Cominciare pensando che sarebbe potuta andare molto peggio. E per BB, data per spacciata, poteva significare una disabilità totale. Invece era perfino meglio di prima: sicuramente più umana. Poi, affidarsi alle mani degli esperti, che sanno come prendersi cura delle nostre ferite fisiche e psicologiche. Ma affidarsi anche alle nostre, di mani: in grado di chiudersi in un pugno, quando la sfida si fa dura; di accarezzarsi, quando scendono le lacrime; di avvolgersi in un abbraccio per farsi calore; e di stringersi per congratularsi per il proprio coraggio.
Non scordarsi mai di vivere momento dopo momento, anche fissando il vuoto, se serve a restare solidi e presenti nel presente. Fare poi un elenco di tutte le cose che si hanno, in particolare di tutto ciò che si può fare nella condizione in cui ci si trova, con gli strumenti che si dispongono, e di tutte le persone che ci circondano, in particolare dei nostri cari. E a volte anche fermarsi.
STARE IN SILENZIO
Stare fermi a volte è la cosa più importante. Il silenzio, spesso, è la comunicazione più efficace. Allora BB e tutti voi concedetevi di stare fermi e ascoltarvi in silenzio: andrete lontano e sarete in pace. Ogni sera, al calare del giorno, affacciati sul crepuscolo di una lunga giornata, magari fumando una sigaretta e sorseggiando la vostra bevanda preferita, fate un elenco di tutte le cose per cui ringraziare. Per cui essere grati, nonostante tutto.

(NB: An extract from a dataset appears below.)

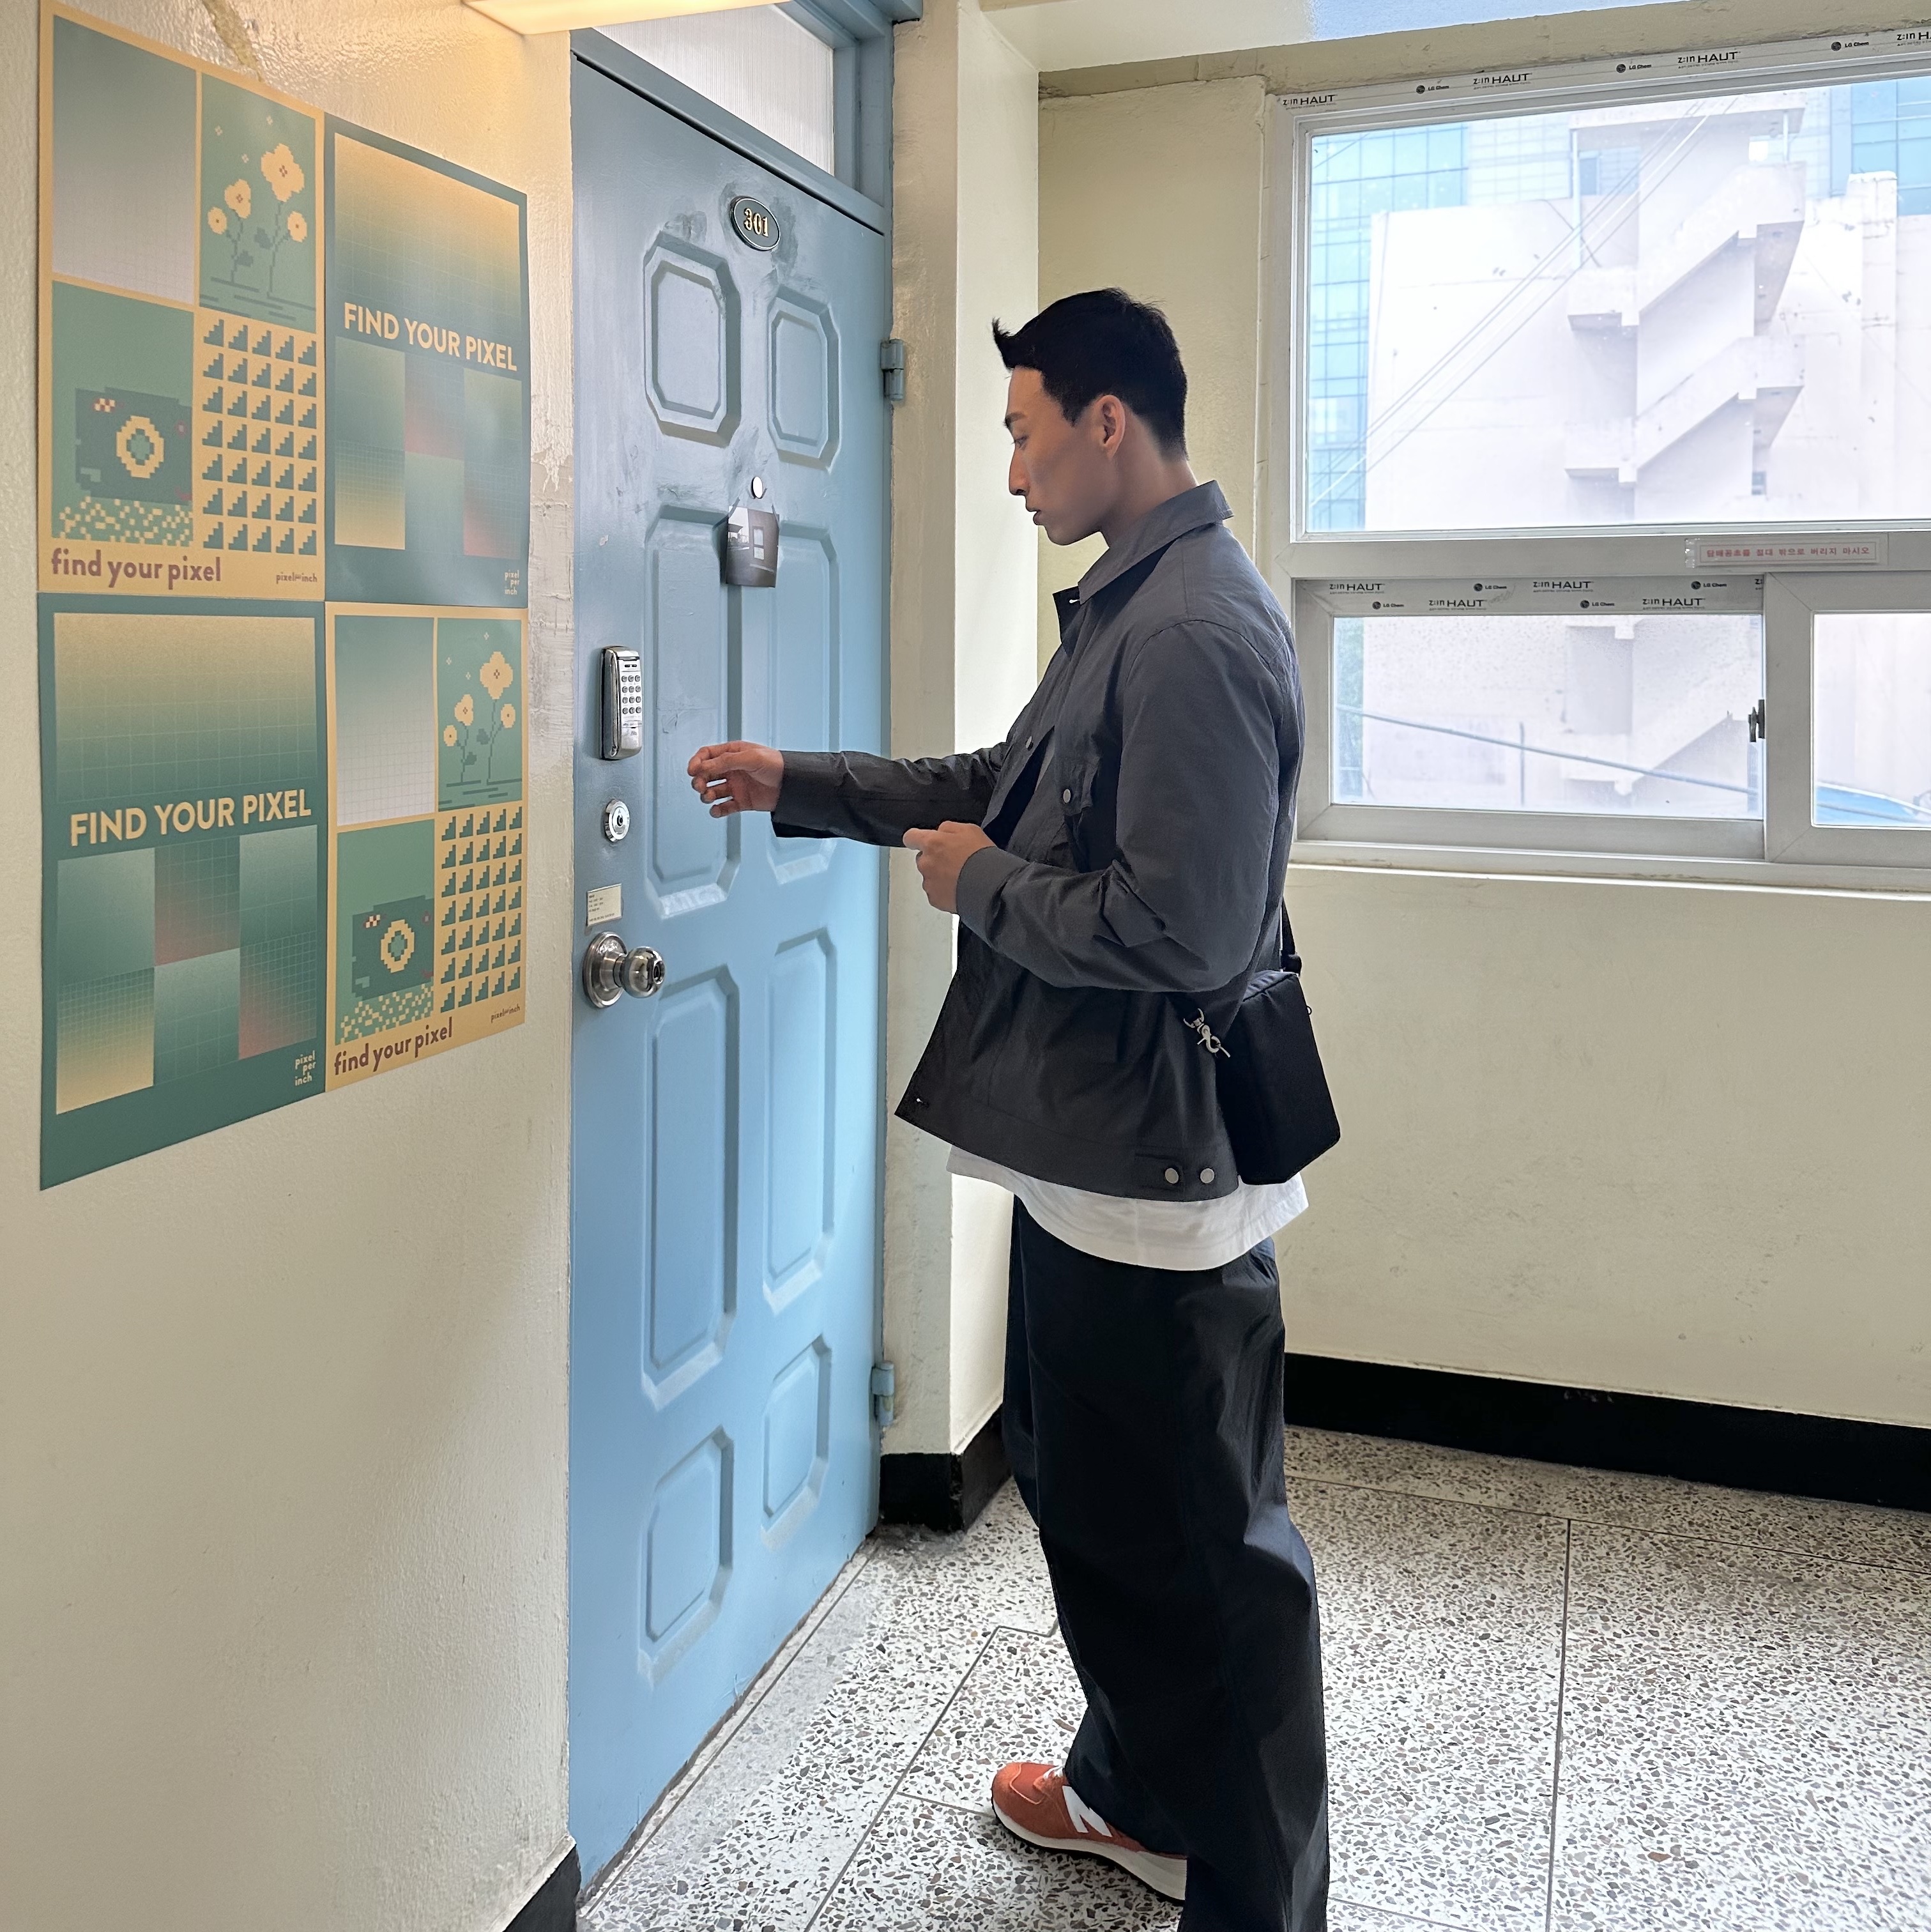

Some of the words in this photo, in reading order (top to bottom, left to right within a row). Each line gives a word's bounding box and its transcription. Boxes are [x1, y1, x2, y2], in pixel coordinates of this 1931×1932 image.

Stare fermi e in silenzio non è sbagliato. E a quella parte dentro di noi che ci sgrida, sgarbata, perché «non facciamo abbastanza, non produciamo abbastanza, non lavoriamo a sufficienza!», basta rispondere «Sti cazzi!». La sliding door che ci aspetta di fronte a una porta chiusa in faccia potrebbe rivelare addirittura una vita migliore, una strada sorprendente, un portone spalancato su un giardino fiorito.
L’importante poi sarà solo prendersene cura e percorrere quella nuova strada con consapevolezza e lungimiranza. La vita va come deve andare: sta a noi stare ad aspettare per vedere come proseguire, mettendoci tutto il coraggio e la forza a disposizione, per godere ogni momento così unico e prezioso. La vita è un bene prezioso: custodiscilo.